Your task
All of the data should be output character for character, except the pictures.

*** Opening of Provided records ***

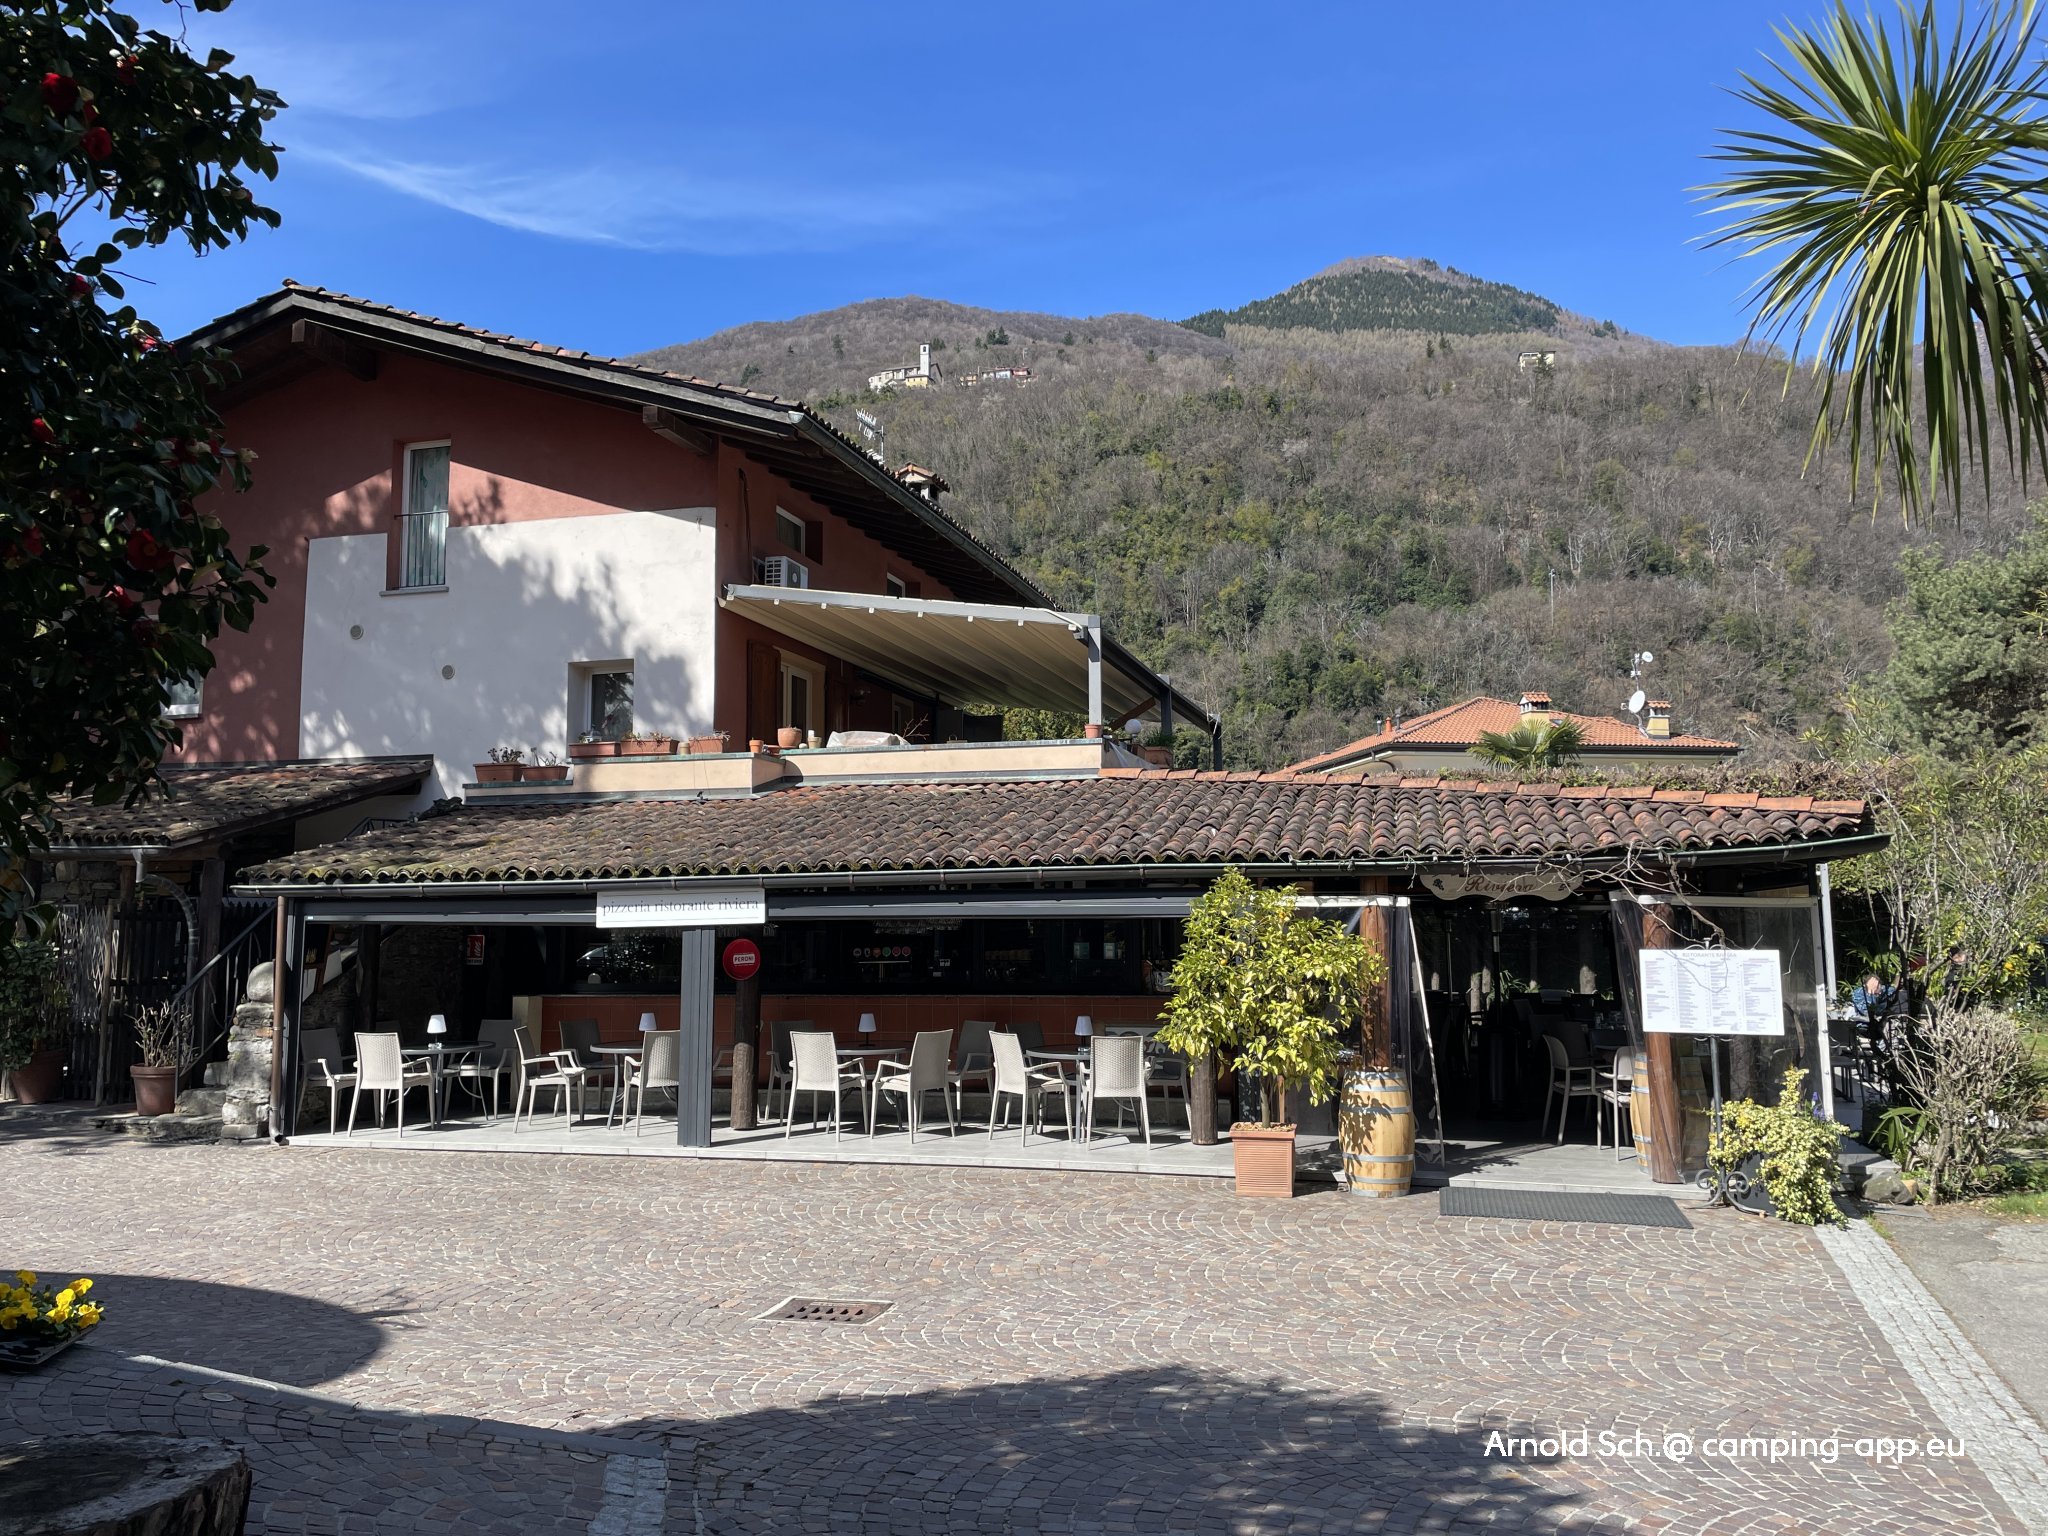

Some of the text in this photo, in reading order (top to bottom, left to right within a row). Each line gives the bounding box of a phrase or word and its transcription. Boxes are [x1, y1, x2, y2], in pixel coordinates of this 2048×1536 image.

[1464, 876, 1535, 893] Riviera
[602, 897, 759, 916] pizzeria ristorante riviera
[734, 955, 754, 963] PERONI
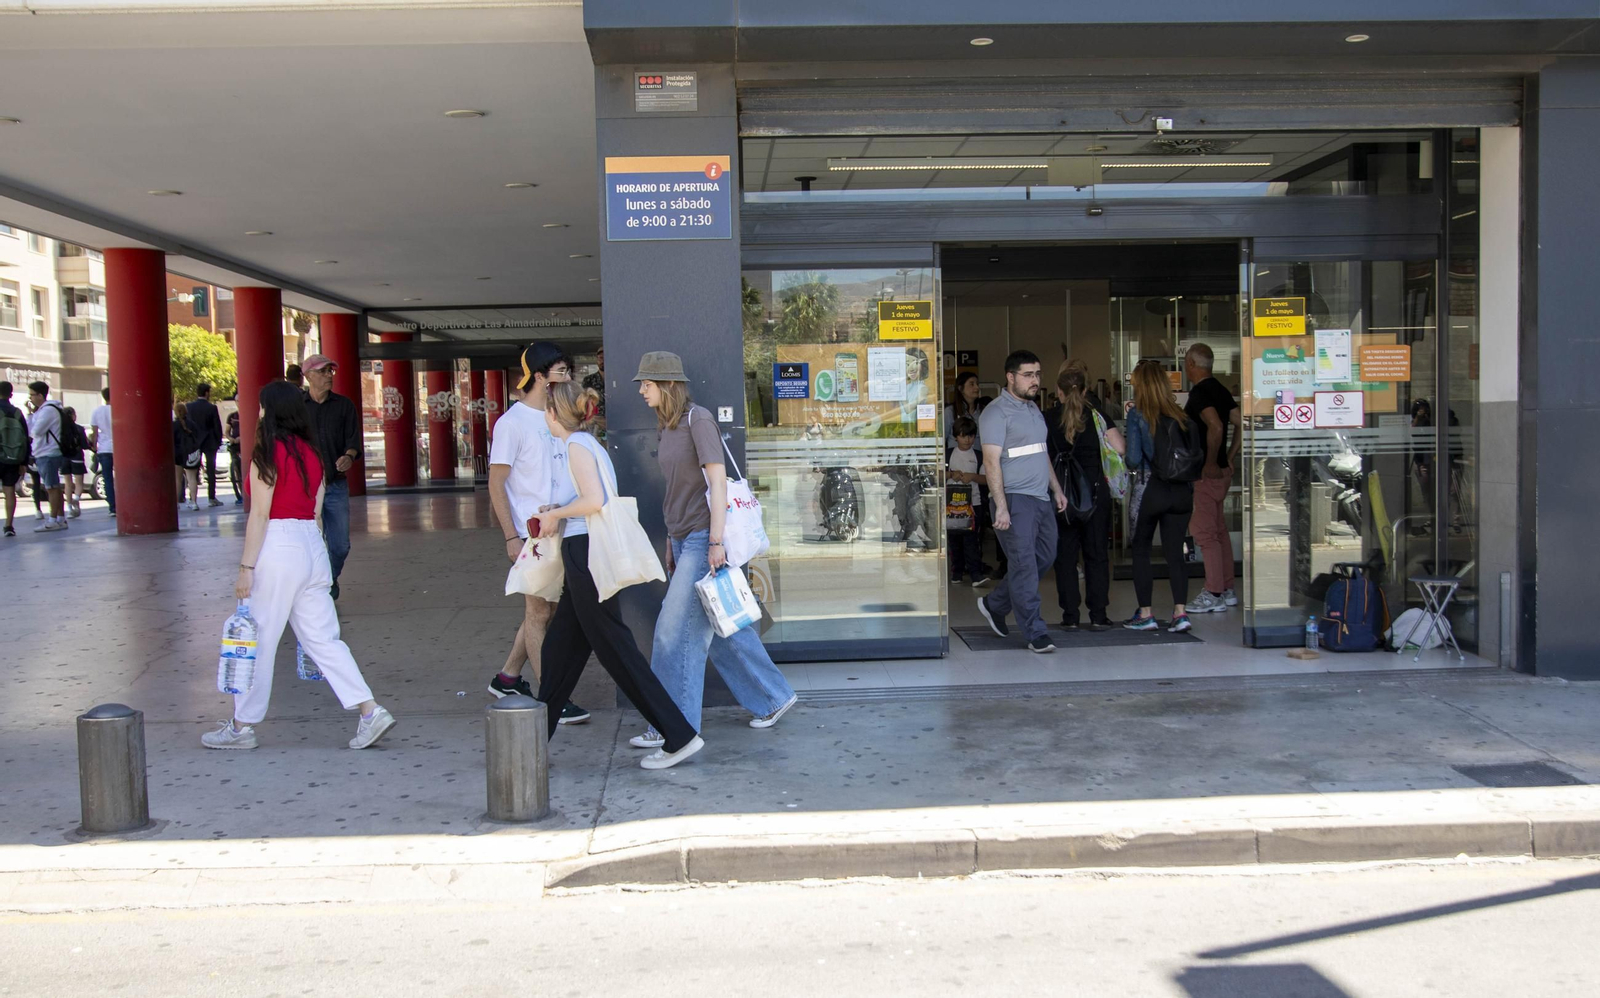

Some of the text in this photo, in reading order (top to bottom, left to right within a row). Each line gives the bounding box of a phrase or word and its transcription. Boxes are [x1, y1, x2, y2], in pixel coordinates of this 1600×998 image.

[616, 182, 720, 194] HORARIO DE APERTURA
[626, 197, 711, 210] lunes a sábado
[626, 214, 712, 228] de 9:00 a 21:30
[420, 319, 467, 332] Deportivo
[469, 318, 481, 329] de
[484, 318, 502, 328] Las
[504, 317, 571, 328] Almadrabillas
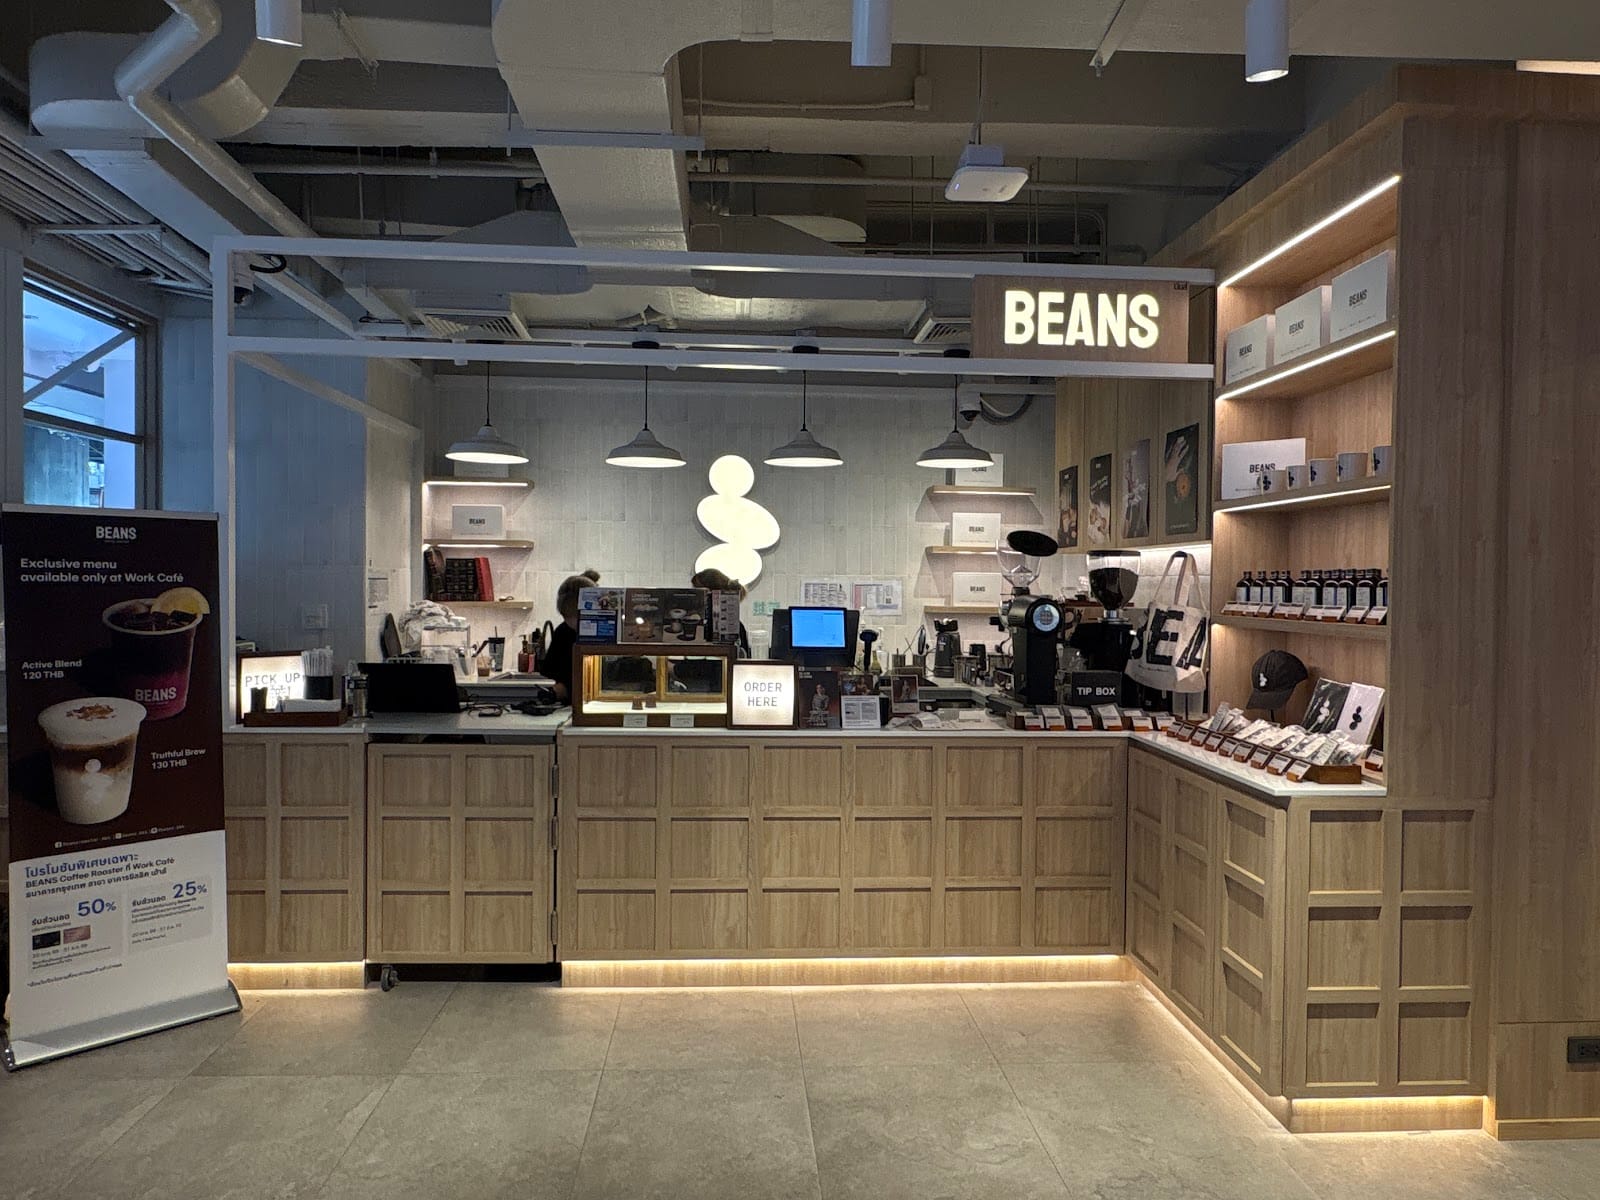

*** Close of Provided records ***

Answer space
Some of the text in this photo, in reading order (top to bottom, left to right within a row). Each line gives the bounding box of a phrase or word and its transcription. Boxes are [x1, y1, x2, y2], in pixel coordinates of this 2048×1536 image.

[1464, 876, 1535, 893] Riviera
[602, 897, 759, 916] pizzeria ristorante riviera
[734, 955, 754, 963] PERONI

Some of the text in this photo, in reading order (top to bottom, left to right within a row). Each line gives the bounding box of a phrase or word and its transcription. Boxes are [x1, y1, x2, y2], in pixel coordinates of this 1600×998 image.

[616, 182, 720, 194] HORARIO DE APERTURA
[626, 197, 711, 210] lunes a sábado
[626, 214, 712, 228] de 9:00 a 21:30
[420, 319, 467, 332] Deportivo
[469, 318, 481, 329] de
[484, 318, 502, 328] Las
[504, 317, 571, 328] Almadrabillas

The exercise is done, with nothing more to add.